# Reading Thai Survey Plans



## outdoorbloke (Jun 4, 2009)

Hi all my girlfriend has just bought some land i know the land is around 1700 square meters but i cant work out the distances of the property boundary's could anyone give me a hand I have attached the survey plan that was on the tittle.

Also does any one know what the rules are regarding required offsets from the property boundary for the house


----------



## cooked (Jan 30, 2011)

outdoorbloke said:


> Hi all my girlfriend has just bought some land i know the land is around 1700 square meters but i cant work out the distances of the property boundary's could anyone give me a hand I have attached the survey plan that was on the tittle.
> 
> Also does any one know what the rules are regarding required offsets from the property boundary for the house


maybe you want to put the question to coolthaihouse.com


----------



## wazza (Apr 4, 2010)

I dont think the thai local gov have set building guidelines and boundary set backs ,one tip thou let her do all the dealing with them or it will cost more ,


----------



## Mweiga (Sep 24, 2010)

outdoorbloke said:


> Hi all my girlfriend has just bought some land i know the land is around 1700 square meters but i cant work out the distances of the property boundary's could anyone give me a hand I have attached the survey plan that was on the tittle.
> 
> Also does any one know what the rules are regarding required offsets from the property boundary for the house


From my own experience buying land eight years ago , you need to go and physically check the land dimensions yourself to be absolutely sure the official title deed drawing agrees with what's actually there.
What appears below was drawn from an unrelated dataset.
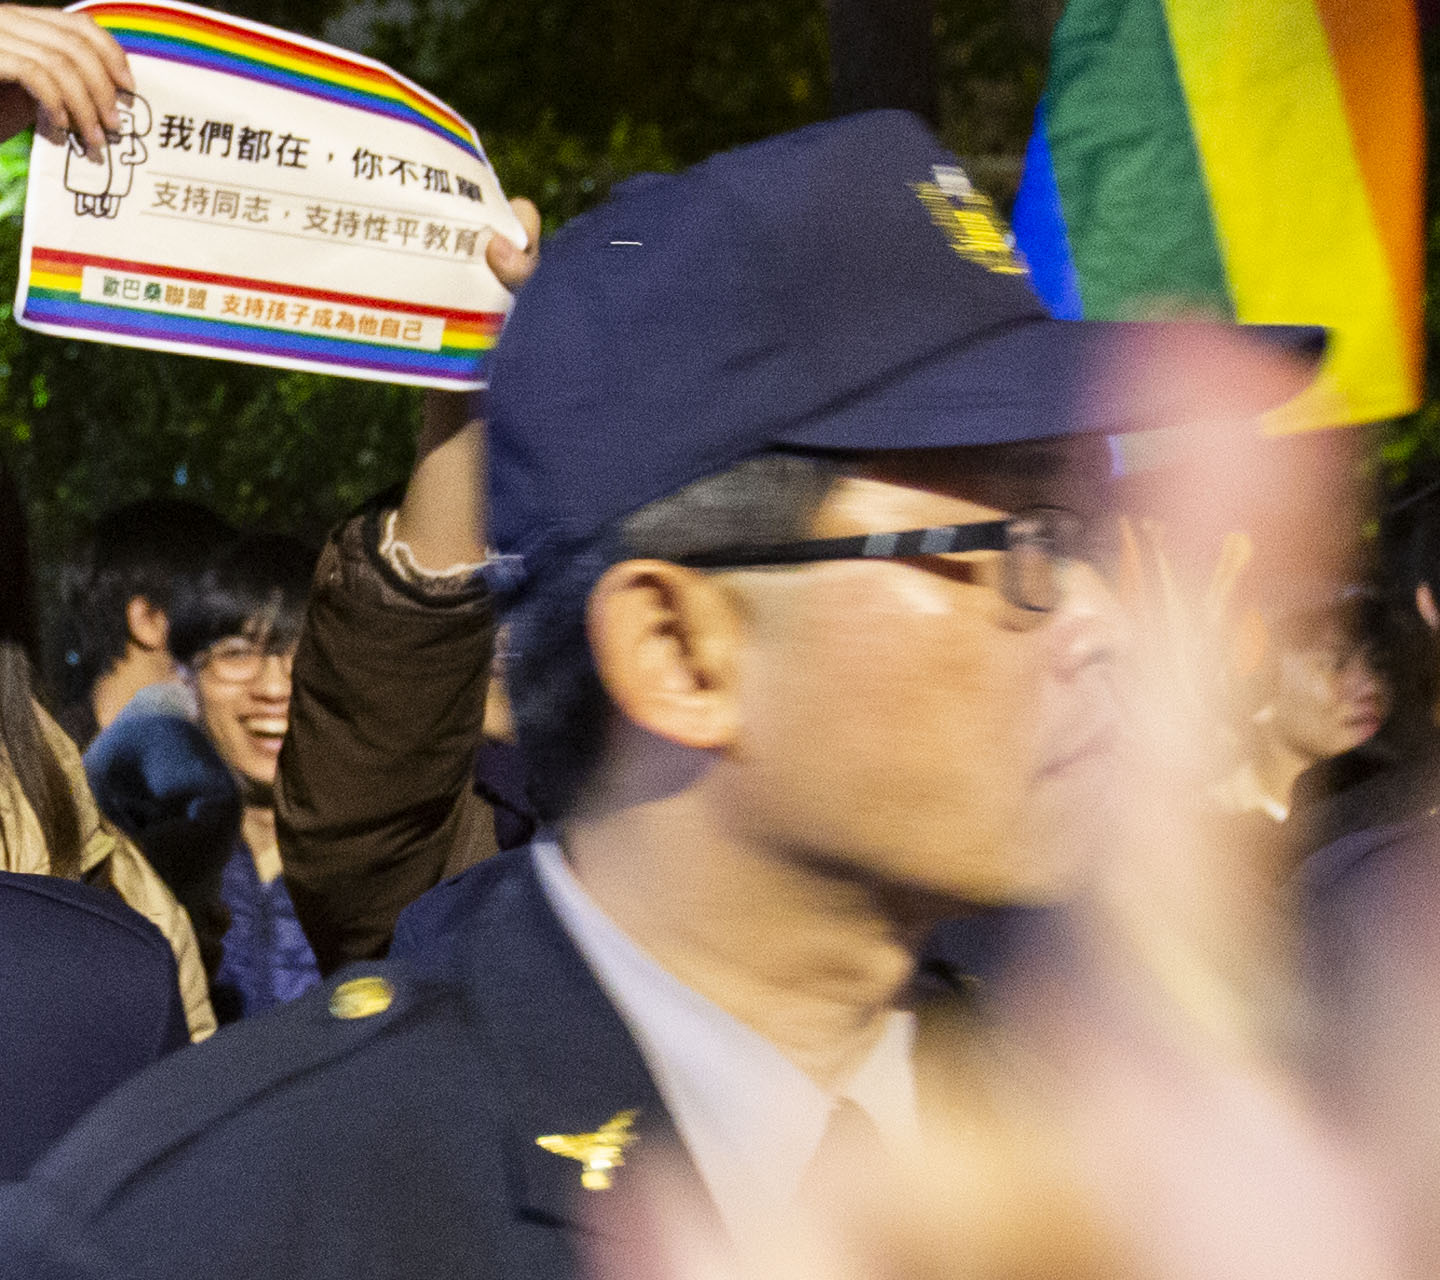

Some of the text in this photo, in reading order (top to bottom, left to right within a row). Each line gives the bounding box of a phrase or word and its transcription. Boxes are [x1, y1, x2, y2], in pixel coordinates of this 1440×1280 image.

If there's one issue in Thailand that's the basis for endless scams and generates major legal disputes , it's land.

Go along to the plot with a surveyor's tape measure and measure straight line distances between each of the concrete markers , which must have the official land office stamp imprinted in it , that demarcate the land boundary at each corner. Draw the dimensions out on a piece of paper to scale as accurately as possible , then from your own drawing you can work out the actual land area as well note the real boundaries.

I did this and found my own physical measurements agreed exactly with the title deed drawing , so went ahead with the purchase , but it still didn't stop an attempt by the owner of the surrounding land to claim I'd taken part of hers. She paid a land office guy to come out on a Sunday with his tape measure to check my piece of land - all was correct so no problem. Turned out the official title deed for the 37 odd rai adjacent land was wrong - it was recorded as being two rai larger than it actually was and the dimensions on the title deed were incorrect. Could have been just a mistake but I tend to think it was the aftermath of some previous land sale scam.

As for building offsets from boundary I'm not aware of regulations for this - many recently built houses I see everywhere cover almost all the land area right up to the boundaries , leaving little or no space for garden. Check anyway to be sure.


----------



## Song_Si (Jun 11, 2010)

boundary disputes - especially with older properties where measurements not so accurate; one of my partner's brothers wanted to sell his inherited part of the farm, not one of the boundaries they were using was correct, and in some cases involved a lot of area eg a 3m wide road was not shared but clearly within one sister's land area, over a 500m stretch that is valuable cropping land lost.

There was boundary dispute on a neighbouring farm early 2011 involving 'creeping boundaries' where one farm had planted over their historical, but not recently surveyed, boundary. Alcohol, an argument, a gun and one death, the shooter in jail, poor result for both families involved.

My partner has recently bought land here in a new subdivision; paid 10% deposit only as the local govt surveyors don't go to do the final map, boundary pegs, till 29 May, and we have been told we can go along that day when they are there. Seems a good idea, and re-check when they issue the title deeds (told this takes another 6mths).

Building offsets - something we'll be asking the survey people about; we lease a property at present, there is just a 1m strip between the sidewall of our garage and the neighbour's house. Wouldn't want that on all sides.


----------



## Newforestcat (Mar 14, 2012)

IN THEORY

Your house has to be a minimum of two metres away from your bounderies, that is what the Thai laws say!

IN PRACTICE

Your plan has to be compliant or you need to re-submit. What you really have built could be different. But I have not yet tried/had to find out how much different it can be from the approved plan! If you have a narrow strip of land like where my current house is in Thailand, the two metre limit means you end up with a half the house you want, so you need to do what I had to! Basically I had to ignore the laws. The price I paid to get what I needed was a small fee at the local Planning Dept! I am not proud of breaking the laws in this instance but I speed where I can get away with in UK LOL. But the house and the plot look sux.

CAUTION:-

Check who your neighbours are before you ignore your approved plan or their feelings. Setting off your neighbours by such issues, you may have disputes on hand or much worse. Ask them first. Even offer that you will not even open certain doors/windows, if needs be.

Technically, I never plan for this house to be mine. I have been such a control freak/perfectionist from hell when it is something to do with bricks and mortar, so I never paid attention about the look and the plan, I was never once in Thailand while it was being built! 

IF THIS BUILD IS GOING TO BE YOUR PERMANENT HOME, do get a VERY good architect or you end up with an unbearably hot house or worse. You may even need your architech to get reliable builders in. I only know a good one in Bkk, unsure if he actually travels far! But if you know what you are doing, good luck! But don't just use any local guy who can do a plan for you really cheaply with no training or experience. It is false economy. It is best and cheapest to do it right, starting from the plan! I am not a snob, but fussy person, I think that with careful considertaion and proper research, architectural services are one of the best investments, based on my experience.

How I wish I insisted on using a good architect to do the plan!!!


----------